__Exercise instructions__
A verbatim copy of the records is required, with all pictures left out.

__Data supplied__
—————

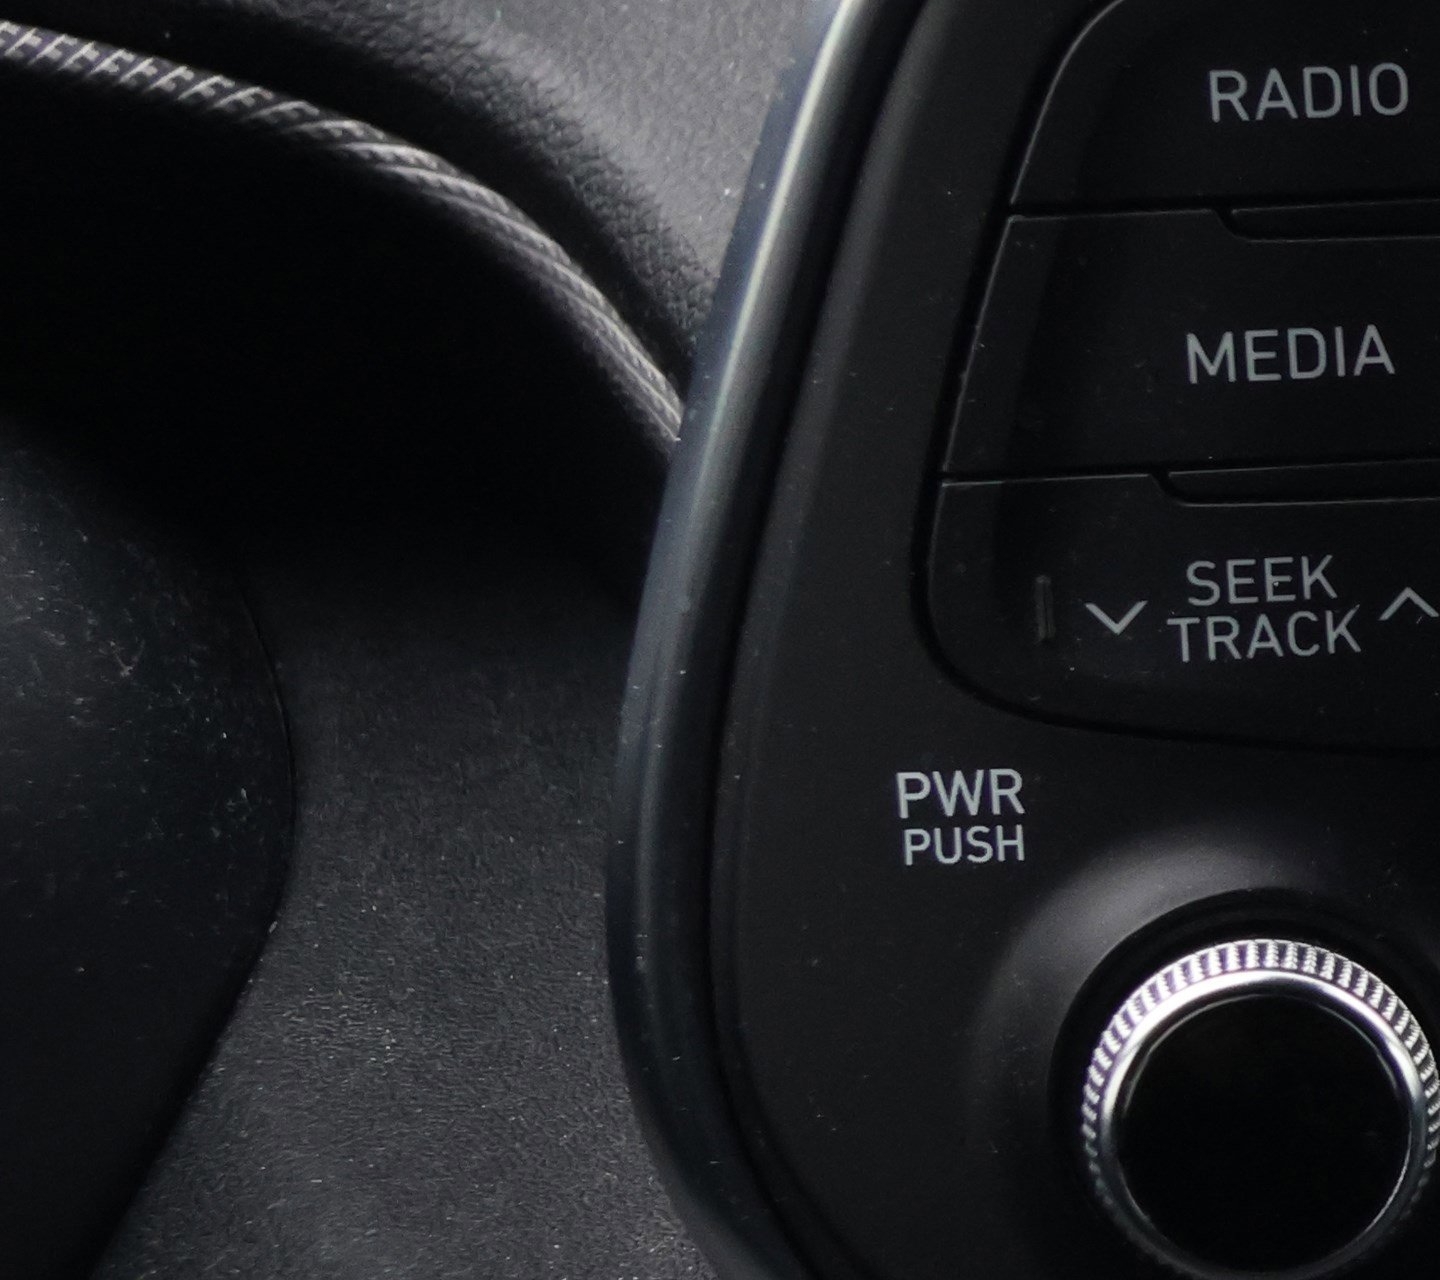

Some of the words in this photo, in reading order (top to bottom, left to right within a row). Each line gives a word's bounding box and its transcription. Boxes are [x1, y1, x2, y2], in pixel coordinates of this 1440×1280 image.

[1208, 62, 1410, 123] RADIO
[1185, 324, 1396, 385] MEDIA
[1185, 554, 1338, 608] SEEK
[1166, 608, 1362, 662] TRACK
[896, 768, 1026, 819] PWR
[903, 823, 1026, 866] PUSH

—————

__Result below__
Some of the words in this photo, in reading order (top to bottom, left to right within a row). Each line gives a word's bounding box and its transcription. Boxes are [x1, y1, x2, y2], in pixel coordinates of this 1440×1280 image.

[1208, 62, 1410, 123] RADIO
[1185, 324, 1396, 385] MEDIA
[1185, 554, 1338, 608] SEEK
[1166, 608, 1362, 662] TRACK
[896, 768, 1026, 819] PWR
[903, 823, 1026, 866] PUSH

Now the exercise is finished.